- **Directions**
Copy each line of the data below exactly, leaving out pictures.

• • • • •

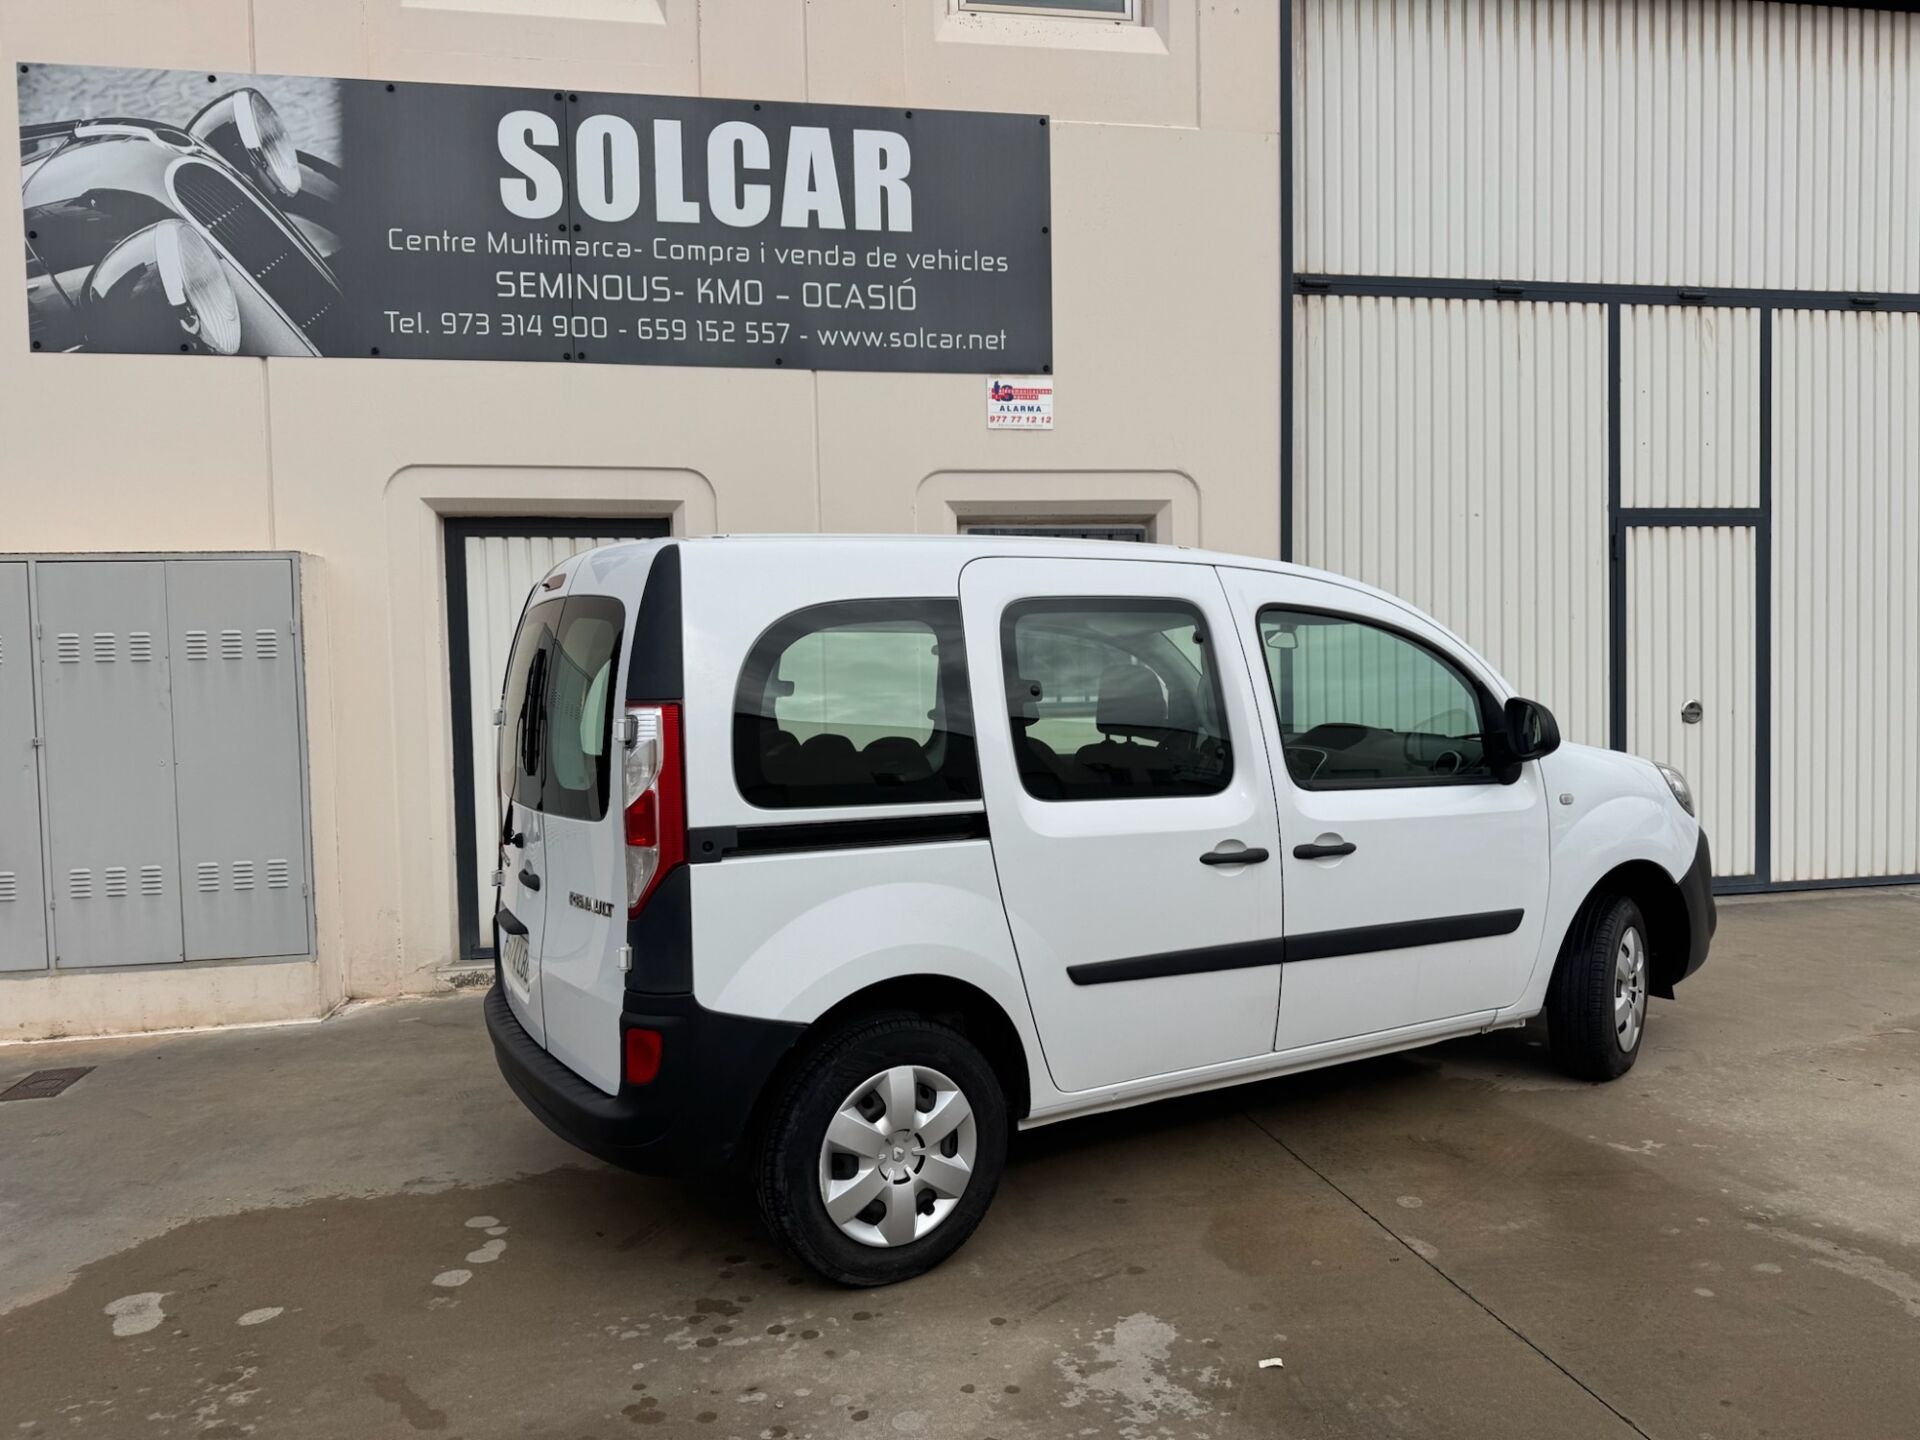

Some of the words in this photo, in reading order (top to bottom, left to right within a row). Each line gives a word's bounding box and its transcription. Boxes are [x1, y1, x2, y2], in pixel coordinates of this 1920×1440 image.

[497, 109, 913, 233] SOLCAR
[388, 227, 477, 253] Centre
[652, 237, 750, 266] Compra
[760, 241, 766, 264] i
[774, 244, 856, 267] venda
[866, 246, 898, 269] de
[906, 248, 1009, 273] vehicles
[802, 276, 917, 312] OCASIÓ
[383, 310, 430, 335] Tel.
[440, 312, 490, 336] 973
[500, 314, 543, 337] 314
[552, 315, 608, 339] 900
[637, 317, 687, 341] 659
[696, 319, 736, 343] 152
[745, 321, 790, 345] 557
[816, 328, 1007, 351] www.solcar.net
[989, 415, 1007, 424] 977
[1010, 415, 1022, 424] 77
[1026, 416, 1037, 424] 12
[1041, 416, 1052, 424] 12
[999, 405, 1042, 413] ALARMA

• • • • •

- **Expected answer**
Some of the words in this photo, in reading order (top to bottom, left to right within a row). Each line gives a word's bounding box and its transcription. Boxes are [x1, y1, x2, y2], in pixel coordinates of this 1920×1440 image.

[497, 109, 913, 233] SOLCAR
[388, 227, 477, 253] Centre
[652, 237, 750, 266] Compra
[760, 241, 766, 264] i
[774, 244, 856, 267] venda
[866, 246, 898, 269] de
[906, 248, 1009, 273] vehicles
[802, 276, 917, 312] OCASIÓ
[383, 310, 430, 335] Tel.
[440, 312, 490, 336] 973
[500, 314, 543, 337] 314
[552, 315, 608, 339] 900
[637, 317, 687, 341] 659
[696, 319, 736, 343] 152
[745, 321, 790, 345] 557
[816, 328, 1007, 351] www.solcar.net
[989, 415, 1007, 424] 977
[1010, 415, 1022, 424] 77
[1026, 416, 1037, 424] 12
[1041, 416, 1052, 424] 12
[999, 405, 1042, 413] ALARMA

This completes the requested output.